A pre-existing coordinated inflammatory microenvironment is associated with complete response of vulvar high-grade squamous intraepithelial lesions to different forms of immunotherapy.

Immunotherapy of vulvar high-grade squamous intraepithelial lesion (vHSIL) is investigated as an alternative for surgery, because of high comorbidity and risk of recurrence. Limited evidence exists on the role and composition of the immune microenvironment in current immunotherapeutic approaches for vHSIL. The vHSIL of 29 patients biopsied before treatment with imiquimod were analyzed by two multiplex seven-color immunofluorescence panels to investigate the pre-existing T-cell and myeloid cell composition in relation to treatment response. The samples were scanned with the Vectra multispectral imaging system. Cells were automatically phenotyped and counted with inForm advanced image analysis software. Cell counts and composition were compared to that of vHSIL patients before therapeutic vaccination (n = 29) and to healthy vulva (n = 27). Our data show that the immune microenvironment of complete responders (CR) to imiquimod resembled the coordinated infiltration with type 1 CD4 and CD8 T cells and CD14 inflammatory myeloid cells also found in healthy vulva.
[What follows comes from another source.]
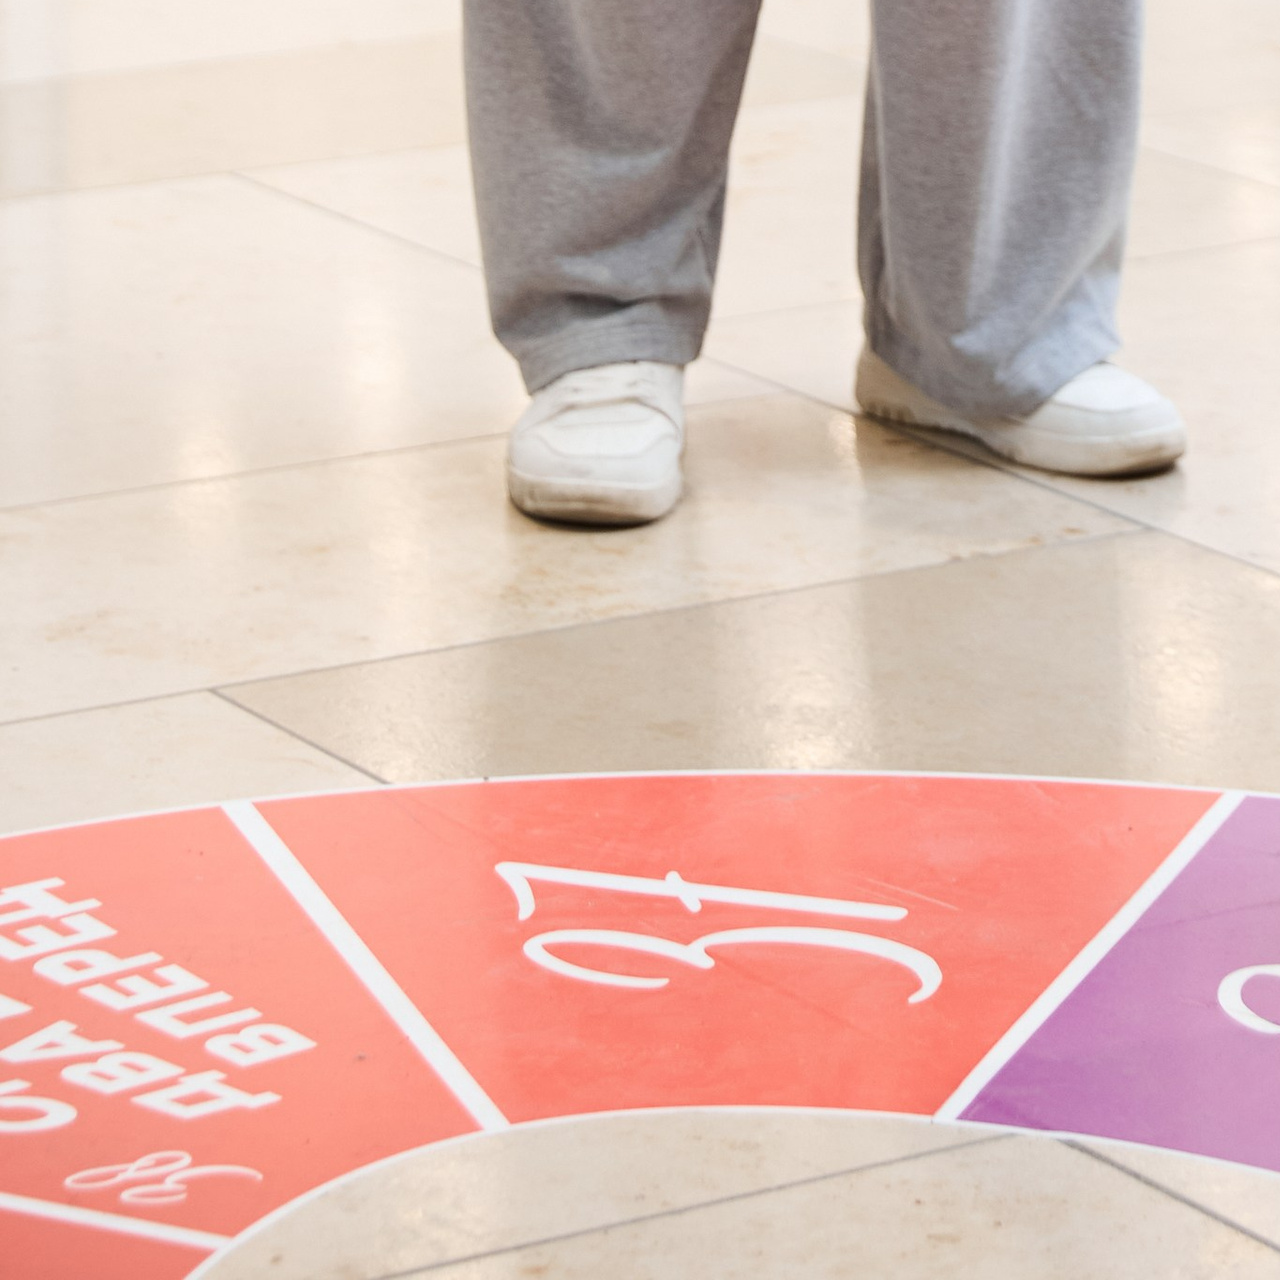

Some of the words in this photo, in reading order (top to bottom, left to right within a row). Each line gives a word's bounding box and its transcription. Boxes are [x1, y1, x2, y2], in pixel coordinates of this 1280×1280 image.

[495, 861, 942, 1004] 37
[0, 1020, 282, 1120] ДВА
[64, 1150, 263, 1204] 38
However, more CD8 T cells and FoxP3 regulatory T cells were present in CR. The lesions of partial responders (PR) lacked such a coordinated response and displayed an impaired influx of CD14 inflammatory myeloid cells. Importantly, complete responses after imiquimod or therapeutic vaccination showed the same dependency on a pre-existing coordinated type 1 T-cell and CD14 myeloid cell infiltration. In conclusion, a good clinical outcome after two different forms of immunotherapy for vHSIL is associated with the presence of a primary inflammatory process resulting in the coordinated influx of several types of immune cells which is then amplified.